José
Nêumanne
Ao
falsificar Curriculum Lattes, natureza da democracia e história, Dilma fica no
poder
Em
2009, já escolhida pelo então chefe, Luiz Inácio Lula da Silva, para lhe suceder
na Presidência da República, Dilma Rousseff teve registrada no currículo
oficial, divulgado no site da Casa Civil, que chefiava, sua condição de mestre
(master of science) e doutora (Ph.D.) em Ciências Econômicas pela
Universidade de Campinas (Unicamp). Pilhada em flagrante delito pela revista
Piauí, ela reconheceu que não era nada disso. E mandou corrigir seu
Curriculum Lattes (padrão nacional no registro do percurso acadêmico de
estudantes e pesquisadores, adotado pela maioria das instituições de fomento,
universidades e institutos de pesquisa do País), que informava ter ela cursado
Ciências Sociais.
Falsificar
Curriculum Lattes equivale, na Academia, a usar um falso diploma de médico.

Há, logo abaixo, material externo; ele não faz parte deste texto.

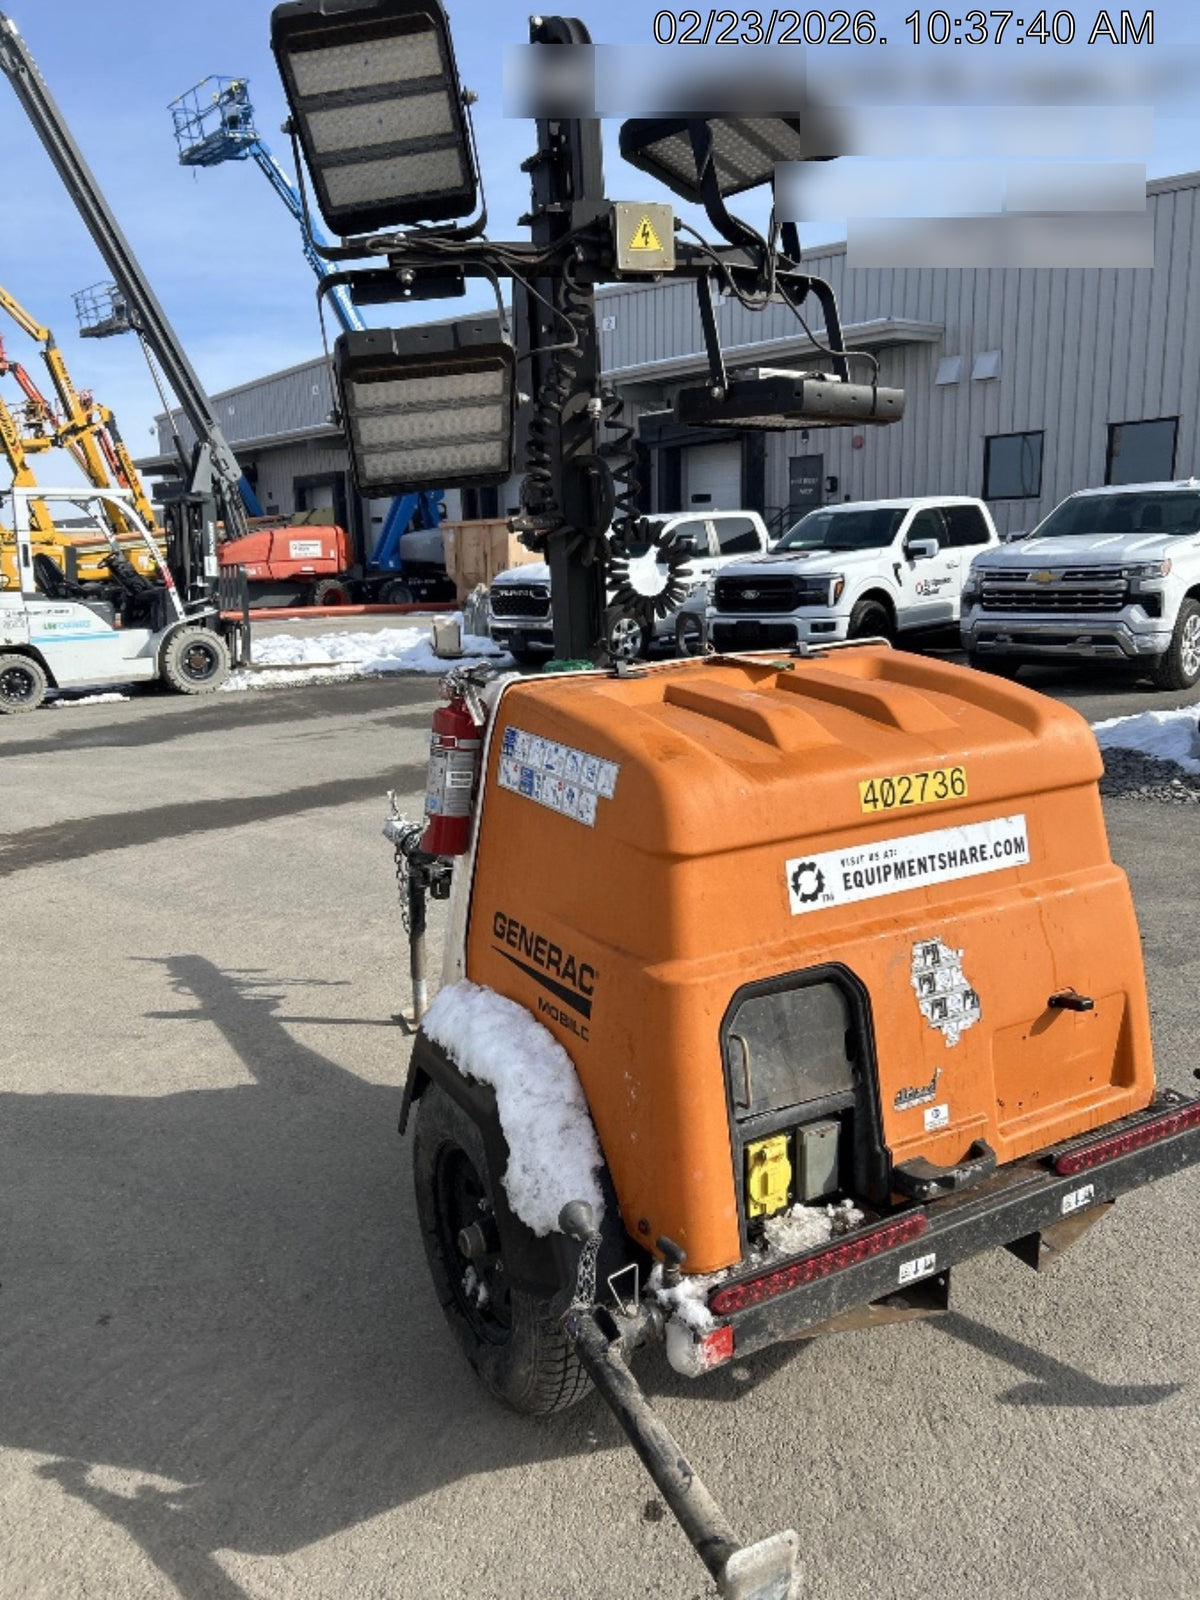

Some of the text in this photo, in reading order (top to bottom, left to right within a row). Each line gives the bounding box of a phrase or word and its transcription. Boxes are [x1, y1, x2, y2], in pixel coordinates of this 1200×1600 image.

Cobrada, Dilma justificou-se: “Aquela ficha do Lattes era de 2000. Eu era
secretária de Minas, Energia e Telecomunicações no Rio Grande do Sul. Eu não
tinha mais nenhuma vida acadêmica. Eu era doutoranda porque eu não tinha sido
jubilada, era doutoranda. Ao que parece eu fui jubilada em 2004, mas não fui
comunicada”.
Do
episódio se conclui que, pelo menos desde então, Dilma tem mantido hábitos que
se mostraram recorrentes nas duas eleições presidenciais que disputou (em 2010 e
2014) e nos mandatos que nelas obteve. Um deles é conjugar verbos
repetitivamente na primeira pessoa do singular. Outro, recusar-se a assumir a
responsabilidade pelos próprios erros. Para ela, a culpa era do Lattes, não
dela. Já no dilmês tatibitate, ao qual o País se acostumaria nestes tempos, ela
se eximiu da falsificação do documento. Quem falsificou seu currículo? Ela mesma
nunca se interessou em saber e denunciar. Nem explicou como pagou créditos de
doutorado sem ter apresentado dissertação de mestrado, como é praxe. Esta,
contudo, é uma mentira desprezível se comparada com outro acréscimo que fez a
sua biografia: o da condição de heroína da democracia, falsificando o conceito
básico que definiria o objetivo de sua luta.
Ela
combateu, sim, a ditadura, ao se engajar num grupo armado de extrema esquerda de
inspiração marxista-leninista, o VAR-Palmares. Sua atuação está confirmada em
autos de processos na Justiça Militar, em que foi acusada de subversão e prática
de atentados terroristas. E foi narrada em detalhes por Carlos Alberto Soares de
Freitas, o Beto, que a delatou em depoimento mantido no arquivo digital de O
Globo
(oglobo.globo.com/politica/confira-integra-do-depoimento-de-beto-dado-em-1971-2789754).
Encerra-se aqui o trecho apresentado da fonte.